**THE TASK**
When you transcribe the listing that follows, keep every line exact and skip any picture.

**RECORDS FOR THE TASK**
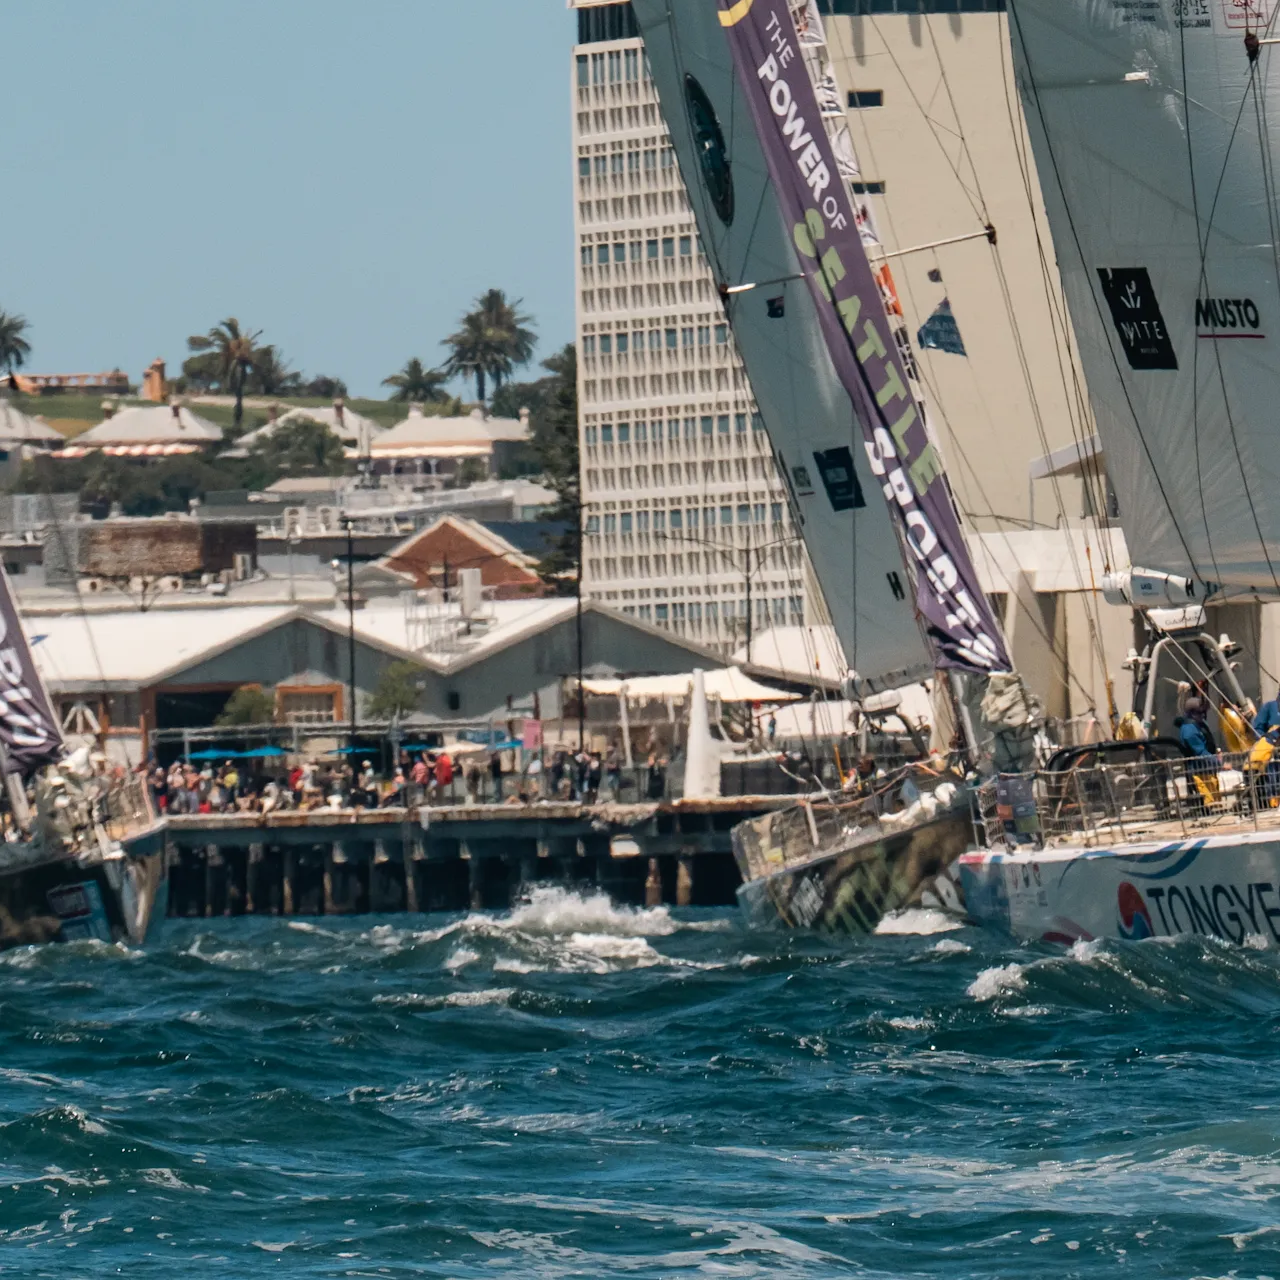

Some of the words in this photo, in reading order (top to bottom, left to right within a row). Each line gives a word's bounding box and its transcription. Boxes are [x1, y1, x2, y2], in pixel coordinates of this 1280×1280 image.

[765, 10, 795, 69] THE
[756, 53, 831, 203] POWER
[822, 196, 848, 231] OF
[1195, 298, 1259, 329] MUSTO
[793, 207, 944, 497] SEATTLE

**REPLY**
Some of the words in this photo, in reading order (top to bottom, left to right within a row). Each line gives a word's bounding box and its transcription. Boxes are [x1, y1, x2, y2], in pixel coordinates of this 1280×1280 image.

[765, 10, 795, 69] THE
[756, 53, 831, 203] POWER
[822, 196, 848, 231] OF
[1195, 298, 1259, 329] MUSTO
[793, 207, 944, 497] SEATTLE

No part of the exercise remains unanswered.